What is being asked: Please restate the records below word for word, leaving out every picture.

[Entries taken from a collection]
%%
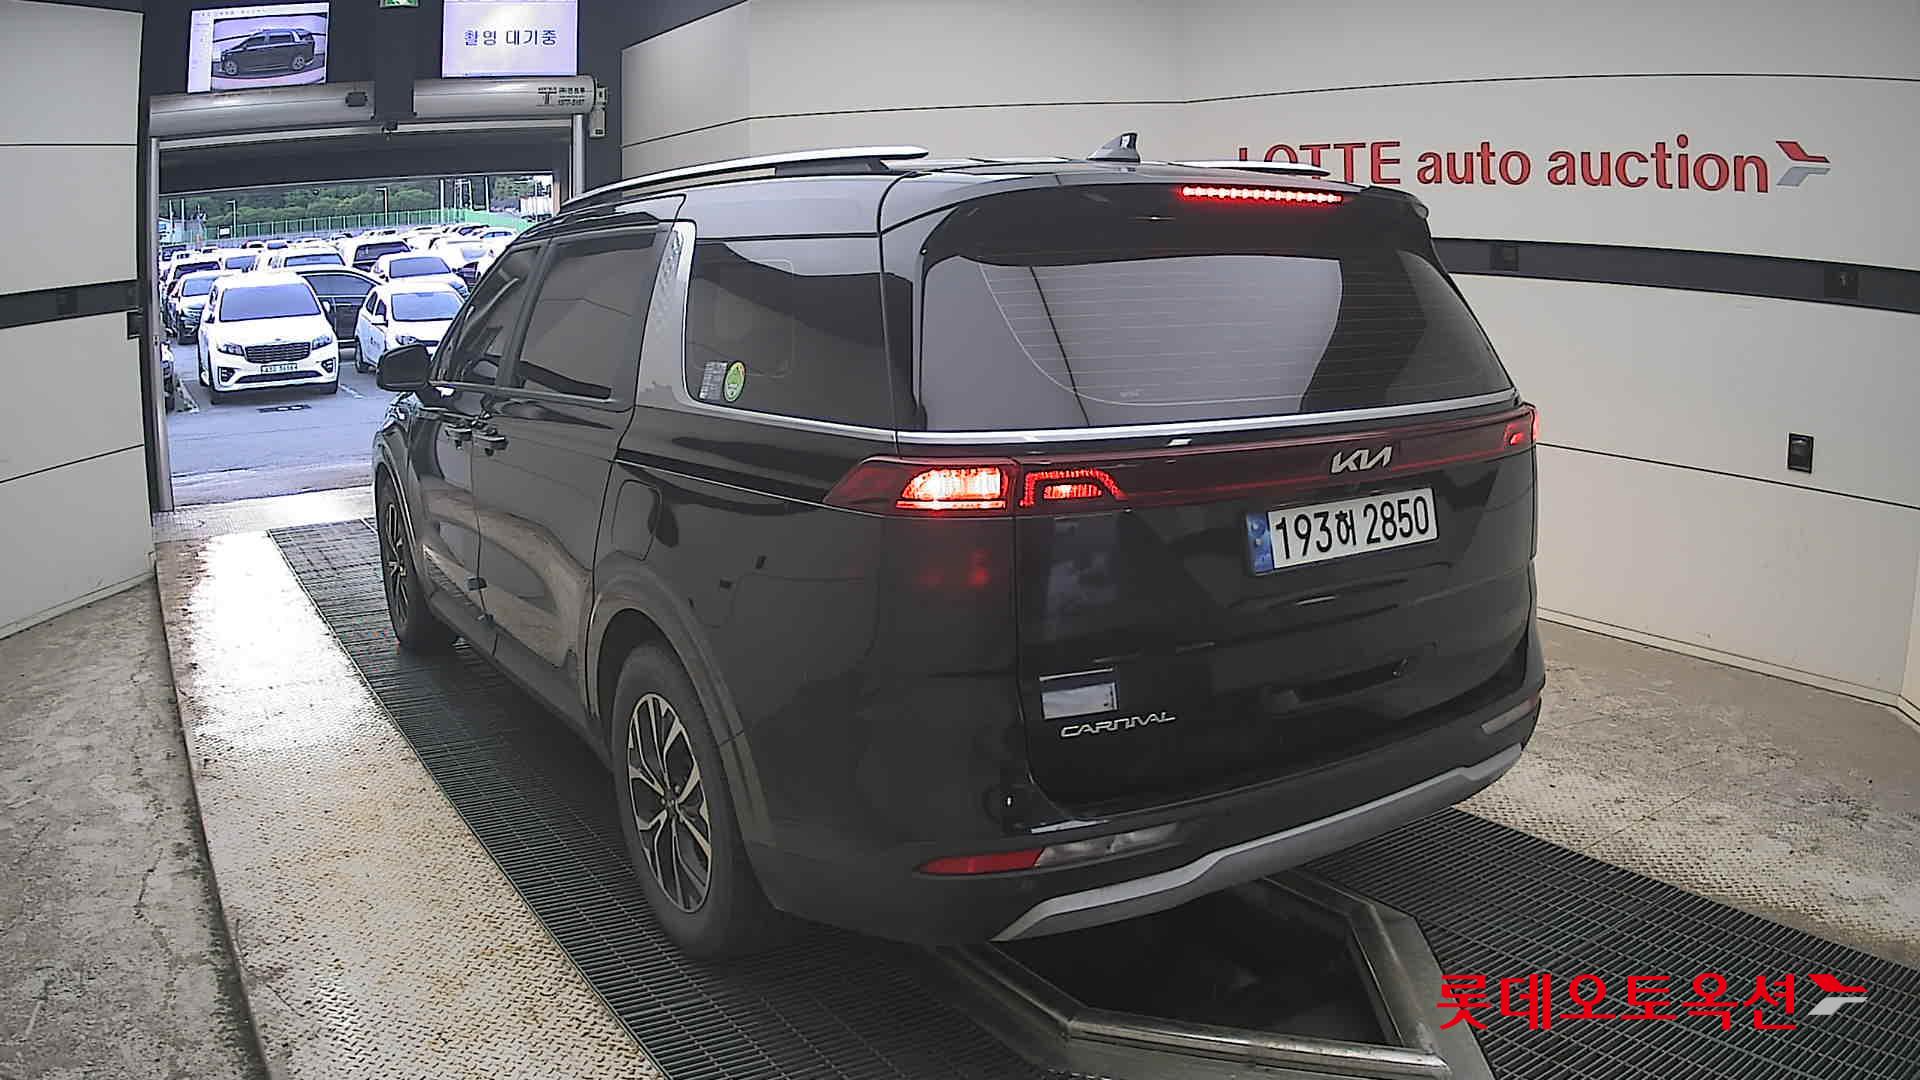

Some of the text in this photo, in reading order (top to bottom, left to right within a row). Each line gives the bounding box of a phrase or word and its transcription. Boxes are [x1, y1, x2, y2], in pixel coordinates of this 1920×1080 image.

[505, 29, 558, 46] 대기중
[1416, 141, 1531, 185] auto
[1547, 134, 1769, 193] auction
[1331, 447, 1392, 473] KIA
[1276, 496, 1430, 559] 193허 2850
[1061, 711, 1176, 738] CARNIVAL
%%
Response to the task:
Some of the text in this photo, in reading order (top to bottom, left to right within a row). Each line gives the bounding box of a phrase or word and its transcription. Boxes are [x1, y1, x2, y2], in pixel coordinates of this 1920×1080 image.

[505, 29, 558, 46] 대기중
[1416, 141, 1531, 185] auto
[1547, 134, 1769, 193] auction
[1331, 447, 1392, 473] KIA
[1276, 496, 1430, 559] 193허 2850
[1061, 711, 1176, 738] CARNIVAL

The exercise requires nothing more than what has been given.